On hot days, and particularly during and after extensive exercise, keeping your body hydrated can be the difference between a beautiful day outside and one spent in the hospital.

Young children and the elderly are at greatest risk of dehydration. Infants’ and toddlers’ bodies contain a high percentage of water, and if they do not drink enough, they can easily lose necessary fluid. “Seniors are also at risk and may experience lightheadedness or feel faint when dehydrated,” said Martin Kabongo, M.D., Ph.D., Family Medicine, UCSD Healthcare Scripps Ranch Clinic. As the body ages, it naturally slows down; maintaining normal body temperature becomes more difficult for the body. For these reasons, older adults should avoid high temperatures.

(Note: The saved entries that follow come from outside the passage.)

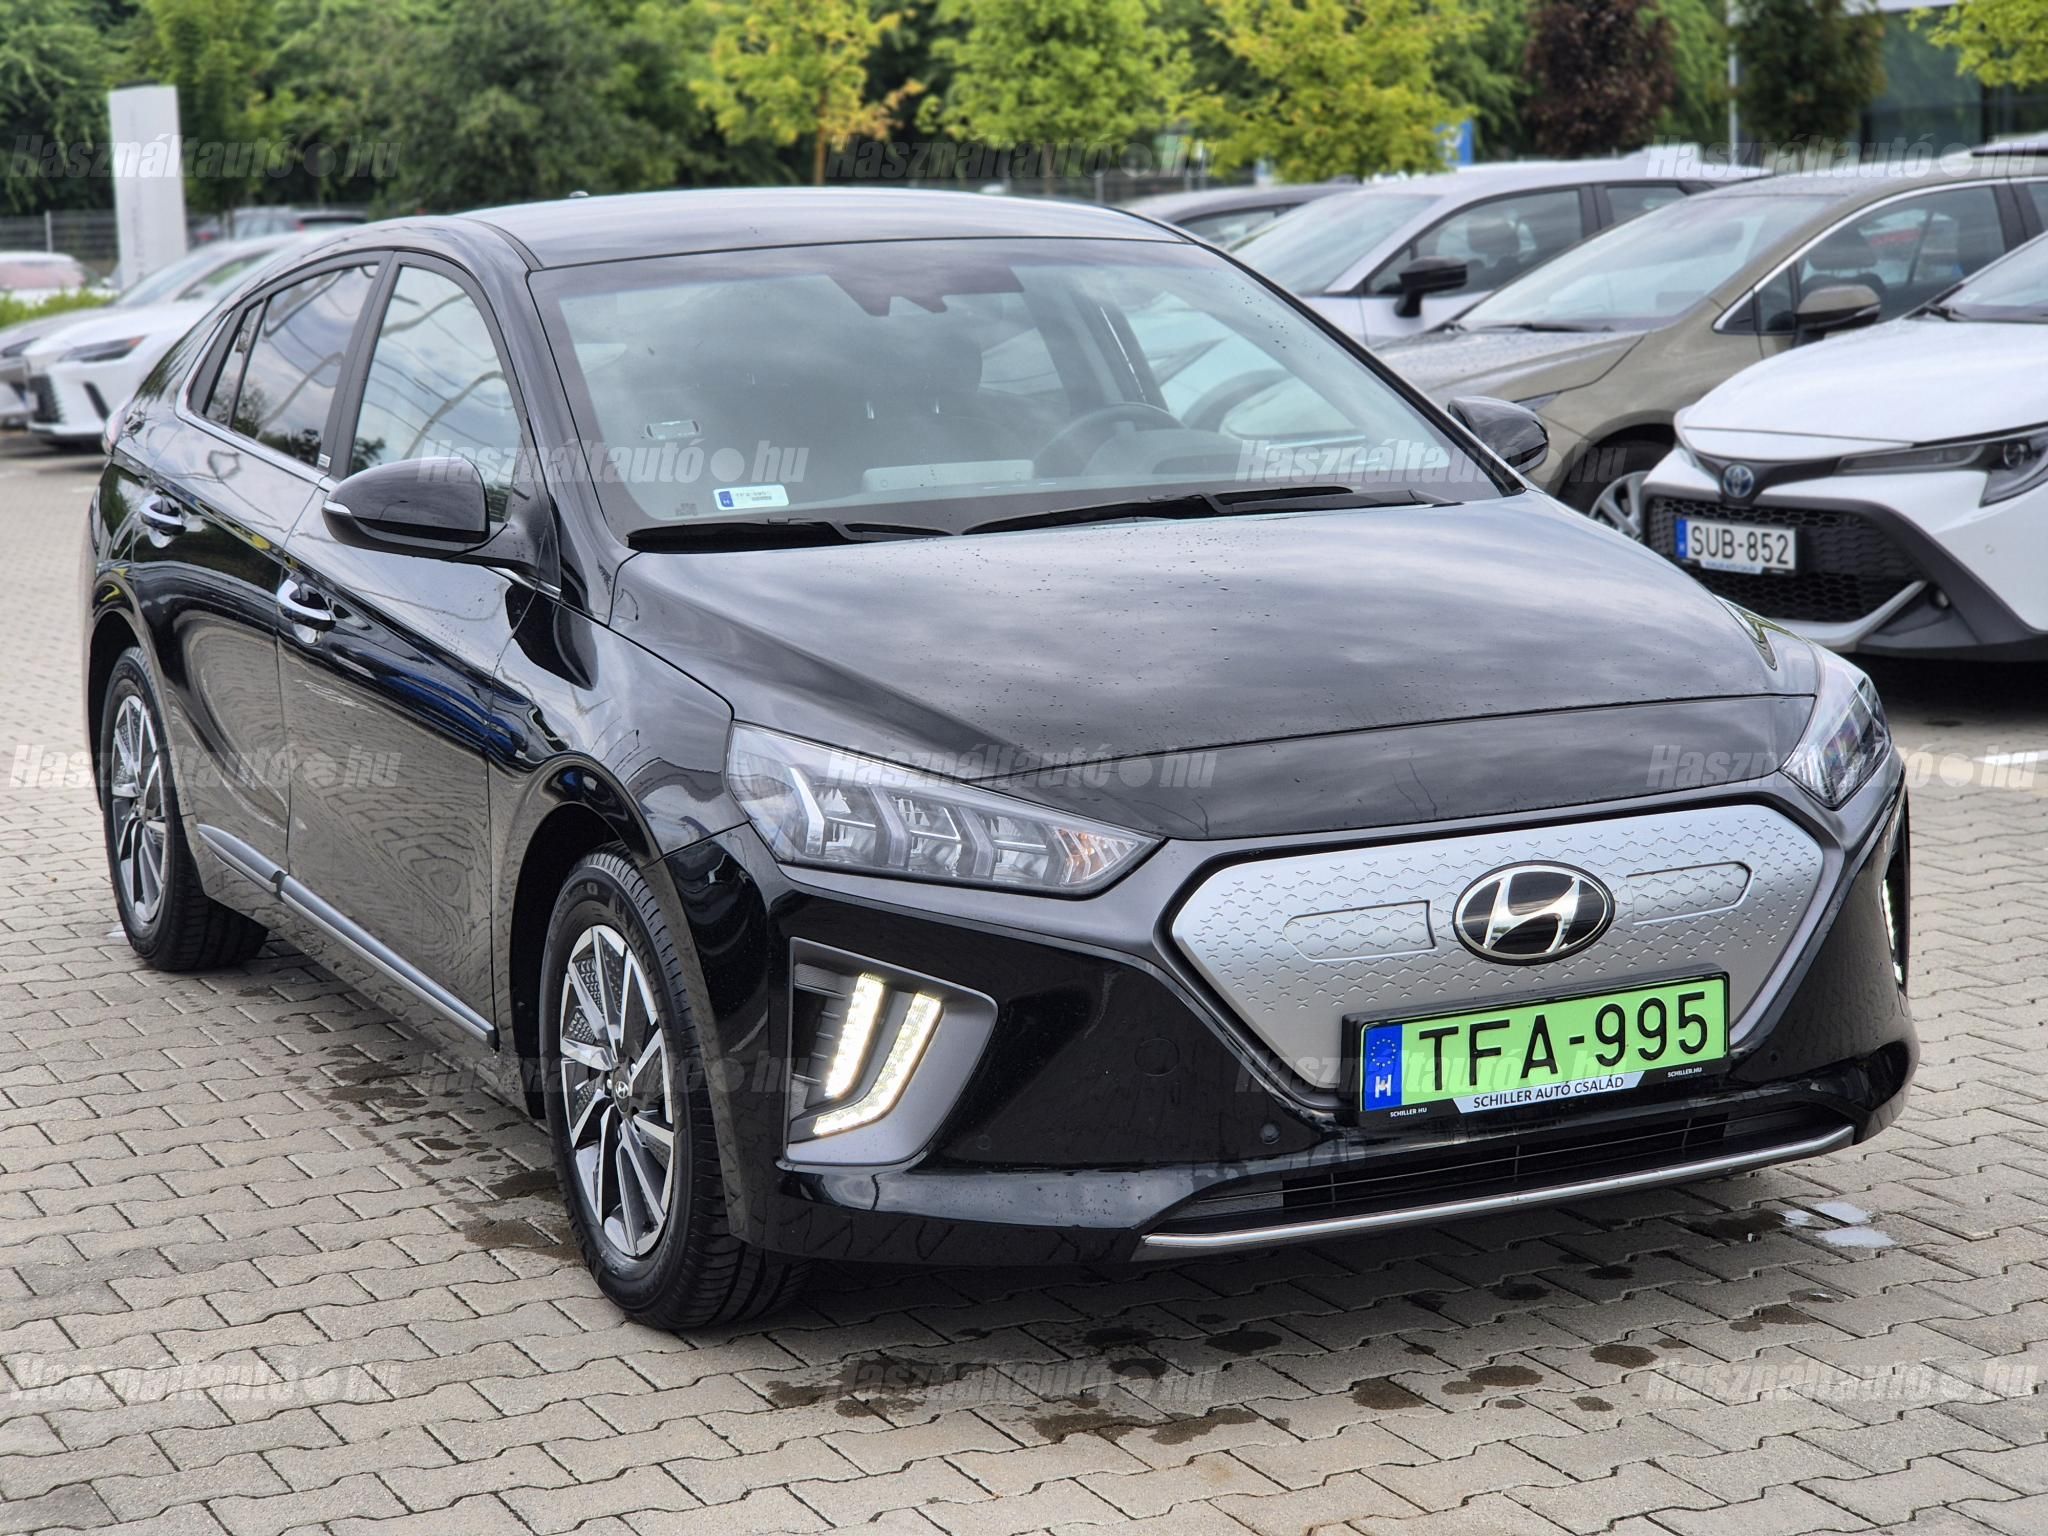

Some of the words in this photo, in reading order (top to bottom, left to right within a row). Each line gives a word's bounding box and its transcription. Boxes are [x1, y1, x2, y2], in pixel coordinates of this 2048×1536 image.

[1691, 526, 1789, 565] SUB-852
[1419, 991, 1708, 1091] TFA-995
[1374, 1074, 1392, 1099] H
[1473, 1090, 1532, 1109] SCHILLER
[1535, 1080, 1571, 1100] AUTÓ
[1574, 1074, 1624, 1094] CSALÁD
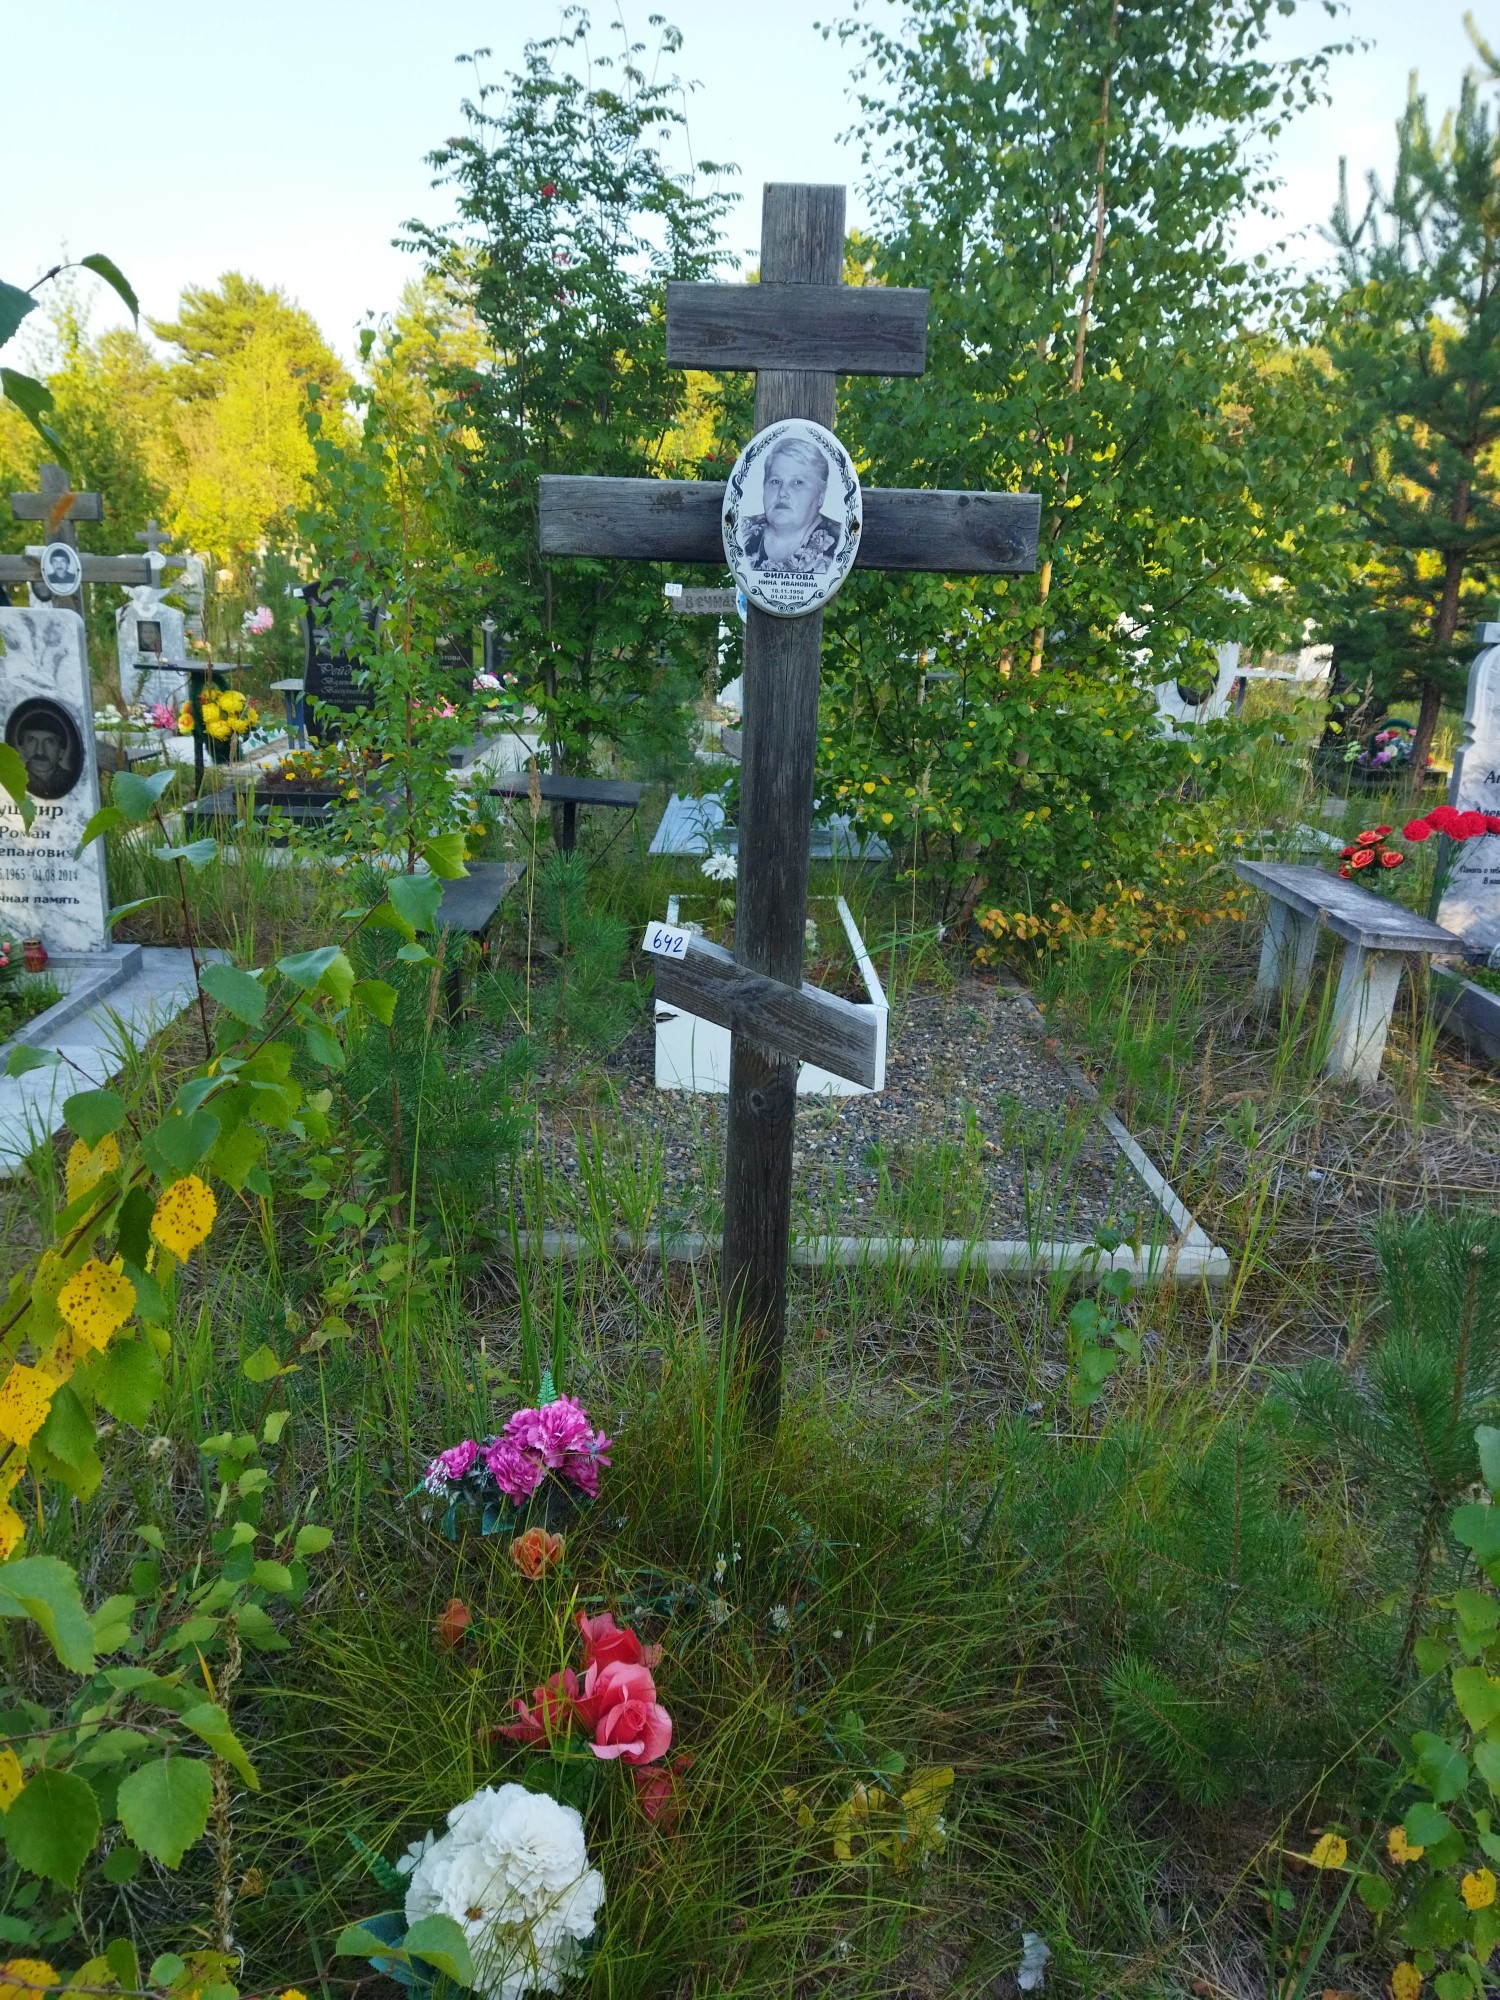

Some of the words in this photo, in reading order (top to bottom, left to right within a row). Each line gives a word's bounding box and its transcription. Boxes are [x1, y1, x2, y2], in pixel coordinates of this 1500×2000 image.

[763, 572, 815, 581] ФИЛАТОВА
[780, 580, 818, 588] ИВАНОВНА
[34, 895, 80, 905] память
[653, 929, 684, 953] 642

Dehydration does not discriminate. Even older children and younger adults are susceptible to dehydration if they are not careful about replenishing fluids.

Dehydration results from excessive perspiration, failure to drink enough fluids, or a combination of the two. Especially if you are sweating a lot, be sure to increase your intake of sodium to keep your electrolytes in balance. Symptoms of dehydration include decreased urination, a dry or sticky mouth, failure to produce tears, sunken eyes, and lethargy.

“Sweating, strenuous exercise or not drinking water can cause dehydration. Body muscles can begin to get tired and a person may experience leg cramps or feel faint,” noted Kabongo.

Not to be taken lightly, dehydration can have even more severe repercussions. When you are dehydrated, your blood pressure may drop, particularly when you stand up from a prone position. At the same time, your pulse may speed up, and you may even go into shock. Severe, untreated dehydration can lead to seizures or brain damage and may even be fatal.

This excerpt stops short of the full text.